Annotated photo localization data
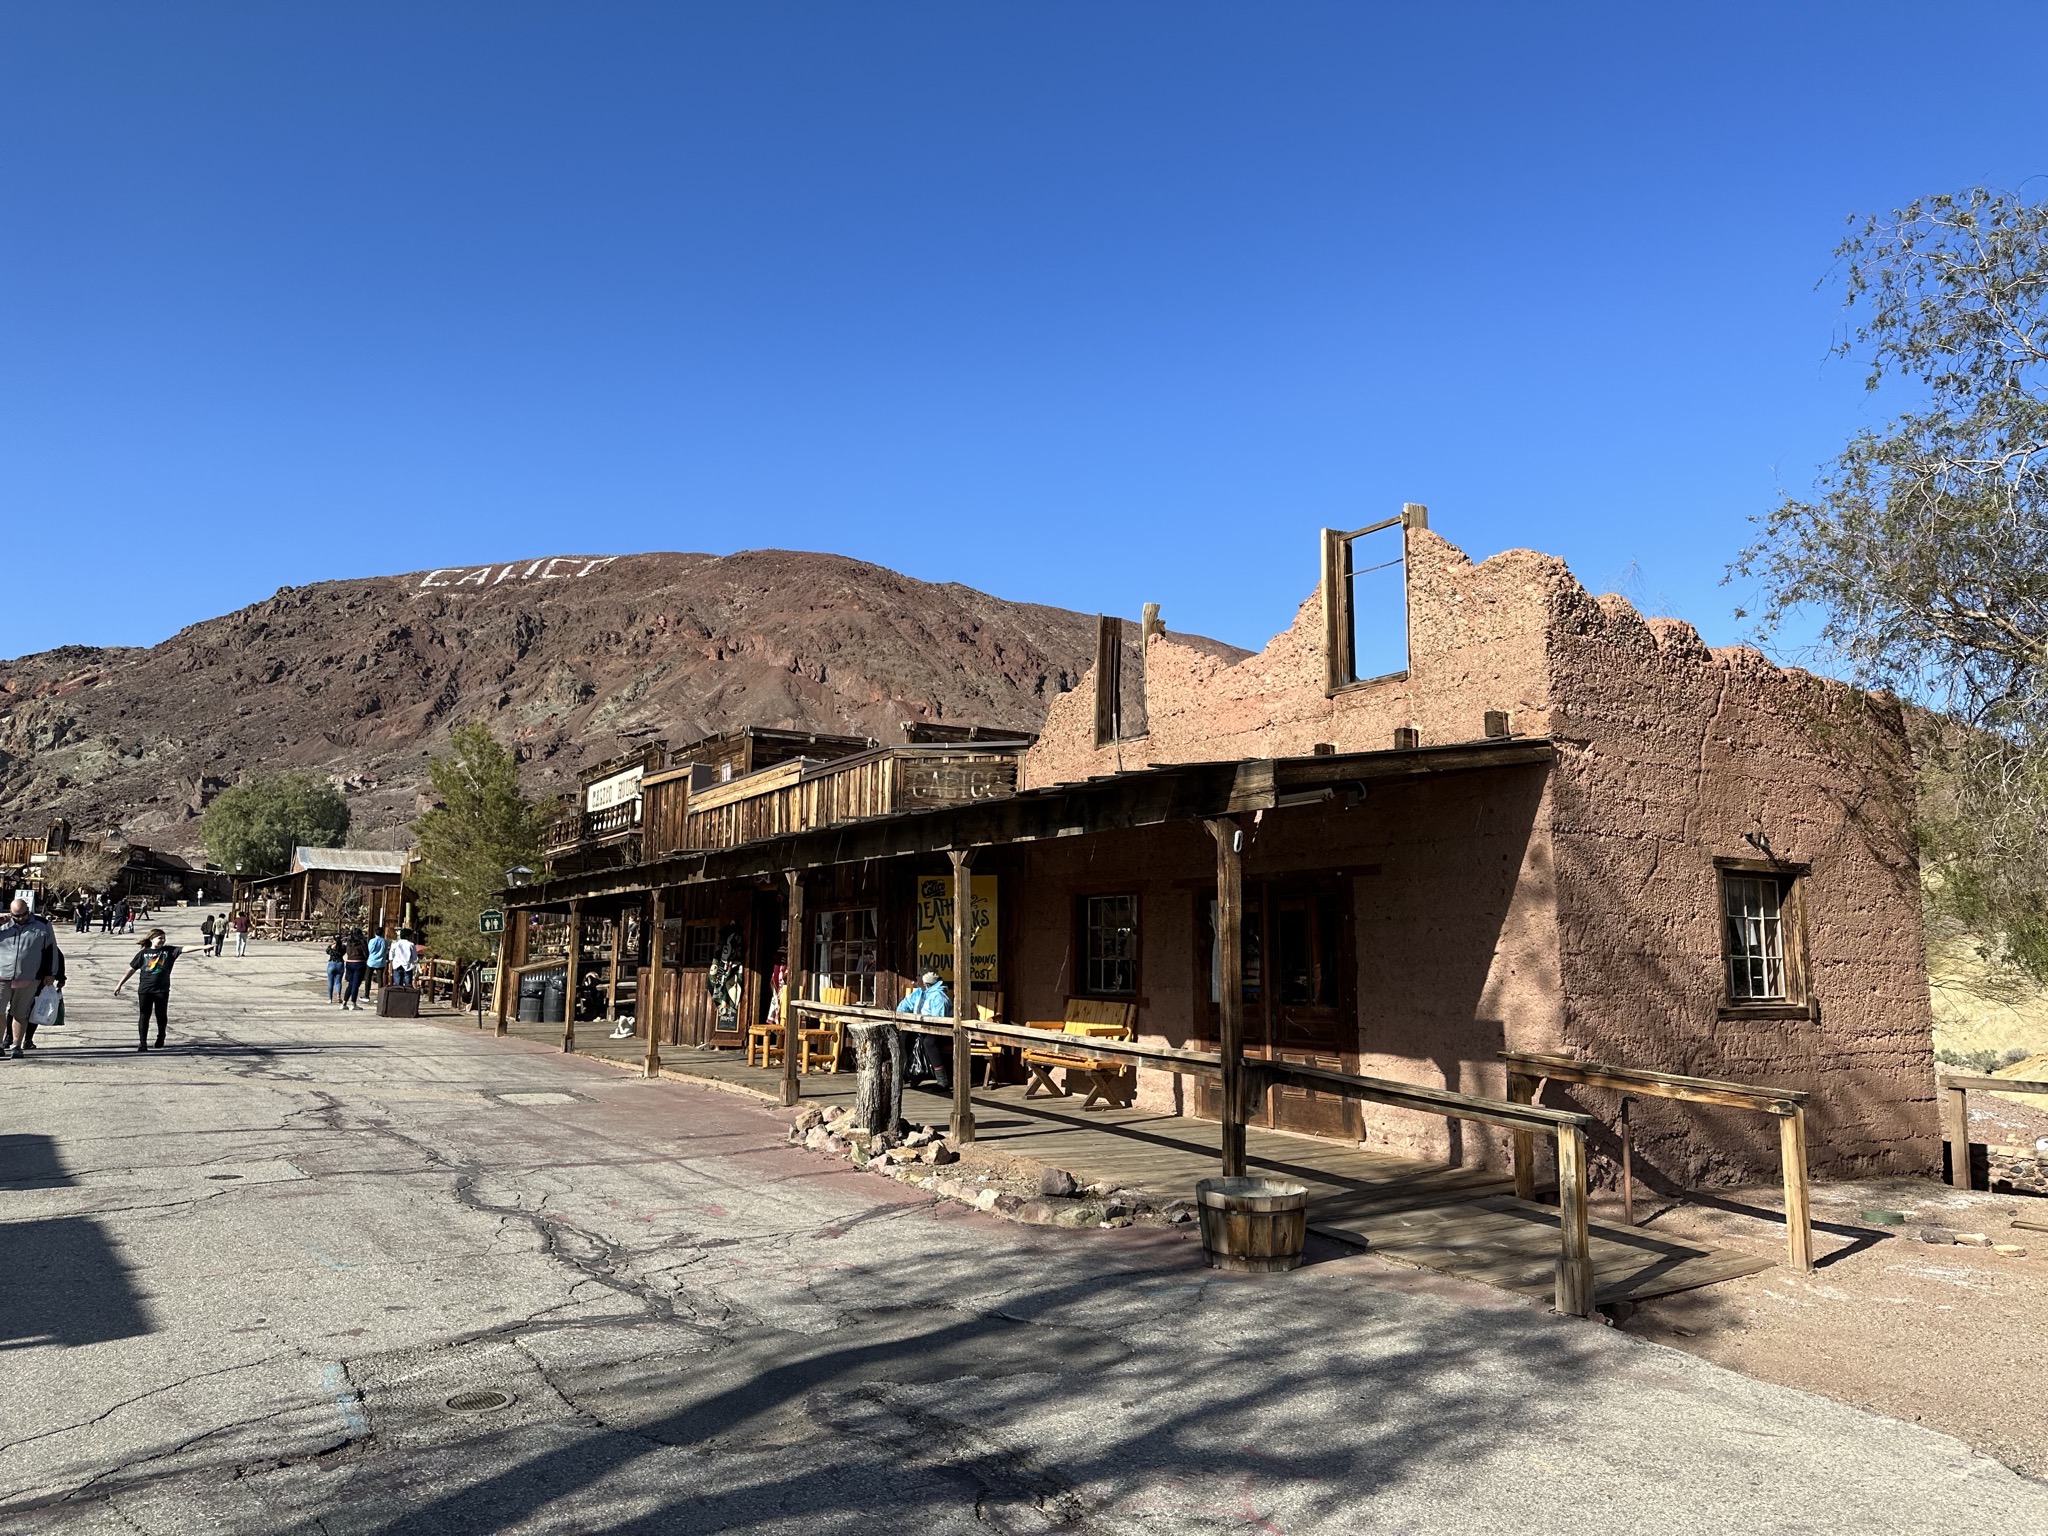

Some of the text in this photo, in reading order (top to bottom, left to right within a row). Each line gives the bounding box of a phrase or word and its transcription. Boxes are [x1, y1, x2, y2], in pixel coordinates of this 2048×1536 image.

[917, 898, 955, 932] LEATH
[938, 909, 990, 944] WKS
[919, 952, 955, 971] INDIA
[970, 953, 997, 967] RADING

### Exercise directions
Only the text of the records is to be reproduced exactly; skip the pictures.

### Problem solution
Some of the text in this photo, in reading order (top to bottom, left to right within a row). Each line gives the bounding box of a phrase or word and its transcription. Boxes are [x1, y1, x2, y2], in pixel coordinates of this 2048×1536 image.

[917, 898, 955, 932] LEATH
[938, 909, 990, 944] WKS
[919, 952, 955, 971] INDIA
[970, 953, 997, 967] RADING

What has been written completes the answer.